Calidad en Educación

Intentando resignificar el concepto, utilizando como base las propuestas OCDE, Pere Marqués entre otras.

Educación de Calidad

Es Educación de Calidad aquella que, desde la tradición del estudiante, reafirma o modifica el imaginario del estudiante para que pueda desarrollarse al máximo de sus potencialidades, utilizándolas desde el contexto en que vive, mediante la entrega de valores, conocimientos, capacidades, competencias, destrezas y habilidades necesarios para ello.

Otras:

La calidad es una herramienta básica para una propiedad inherente de cualquier cosa que permite que la misma sea comparada con cualquier otra de su misma especie.

La palabra calidad tiene múltiples significados. En los últimos años se asume como dependiente del contexto y de los objetivos del proveedor (de productos o servicios).

Basicamente, se refiere al conjunto de propiedades inherentes a un objeto que le confieren capacidad para satisfacer necesidades implícitas o explícitas.

Se comprende que la calidad de un producto o servicio es la percepción que el cliente tiene del mismo, es una fijación mental del consumidor que asume conformidad con dicho producto o servicio y la capacidad del mismo para satisfacer sus necesidades. Por tanto, debe definirse en el contexto que se esté considerando, por ejemplo, la calidad del servicio postal, del servicio dental, del producto, de vida, etc.

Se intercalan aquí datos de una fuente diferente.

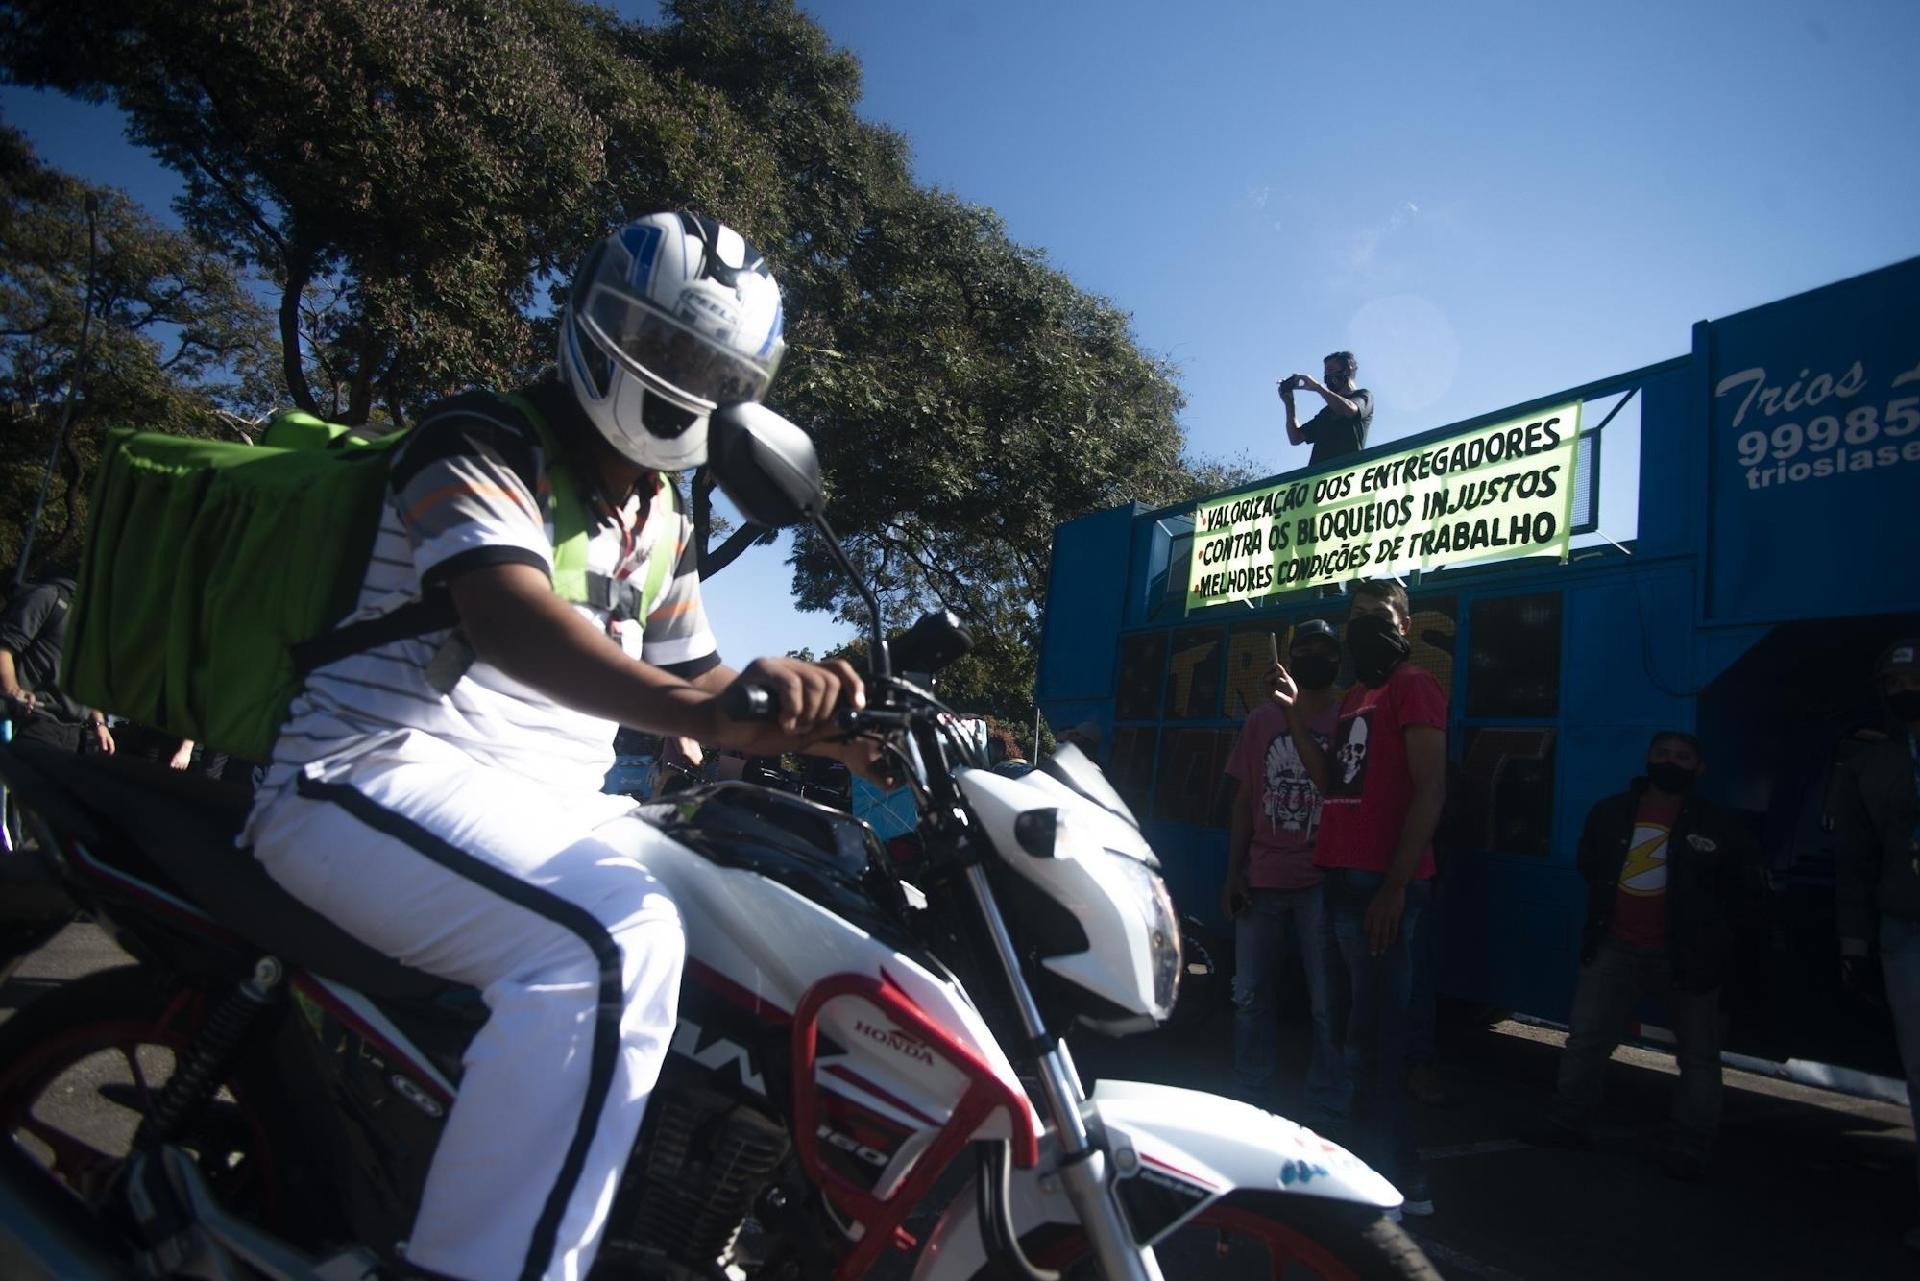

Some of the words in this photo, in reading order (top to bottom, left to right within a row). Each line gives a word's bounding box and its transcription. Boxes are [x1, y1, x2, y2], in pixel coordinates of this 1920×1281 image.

[1714, 360, 1868, 428] Trios
[1737, 396, 1920, 467] 99985
[1207, 482, 1307, 532] VALORIZAÇÃO
[1314, 472, 1355, 501] DOS
[1361, 417, 1561, 493] ENTREGADORES
[1203, 530, 1262, 566] CONTRA
[1268, 521, 1289, 550] OS
[1297, 496, 1412, 546] BLOQUEIOS
[1422, 464, 1560, 520] INJUSTOS
[1200, 566, 1272, 599] MELHORES
[1277, 542, 1370, 586] CONDIÇÕES
[1375, 538, 1399, 565] DE
[1409, 511, 1556, 559] TRABALHO
[855, 1019, 935, 1067] HONDA

Los proveedores buscan, en su segmento de mercado, introducir una noción de calidad en los clientes, que sea “rentable” a la empresa proveedora. Ej: Producto europeo – el origen de un producto está determinado por el espacio que le agrega mayor valor. Por ello una camisa hecha en China, puede venderse en europa como hecha en Europa. El costo de marketing se produce en Europa y es el mayor valor agregado.

En general, y de acuerdo a la mayoría de lecturas acerca de las propuestas educativas de “calidad”, la calidad educativa, se refiere a los efectos positivamente valorados por la sociedad respecto del proceso de formación que llevan a cabo las personas en su cultura.

La definición anterior considera cinco dimensiones de la calidad, pero incluso estas dimensiones están cuestionadas de base como el concepto de “equidad” o el de “eficacia” pues tienen una lectura procedente de lo neoliberal muy marcada, ante lo cual se sugiere su resignificación:
filosofía (relevancia)
pedagogía (eficacia)
cultura (pertinencia)
sociedad (equidad)
economía (eficiencia)

Muñoz (2003) explica “que la educación es de calidad cuando está dirigida a satisfacer las aspiraciones del conjunto de los sectores integrantes de la sociedad a la que está dirigida; si, al hacerlo, se alcanzan efectivamente las metas que en cada caso se persiguen; si es generada mediante procesos culturalmente pertinentes, aprovechando óptimamente los recursos necesarios para impartirla y asegurando que las oportunidades de recibirla –y los beneficios sociales y económicos derivados de la misma– se distribuyan en forma equitativa entre los diversos sectores integrantes de la sociedad a la que está dirigida.”

El concepto “equitativa” es discutido y se sugiere su cambio por “igualdad”.

(Graells, 2002) La calidad en la educación asegura a todos los jóvenes la adquisición de los conocimientos, capacidades destrezas y actitudes necesarias para equipararles para la vida adulta.

Philip B. Crosby1 (2004)señala que la calidad se define enteramente en cumplir con los requisitos.
Kaoru Ishikawa (1986)establece que la calidad es el desarrollo en todos los pasos y procesos hasta lograr una producción cien por ciento libre de defectos.

OCDE (1995) define educación de calidad como aquella que “asegura a todos los jóvenes la adquisición de los conocimientos, capacidades destrezas y actitudes necesarias para equipararles para la vida adulta”.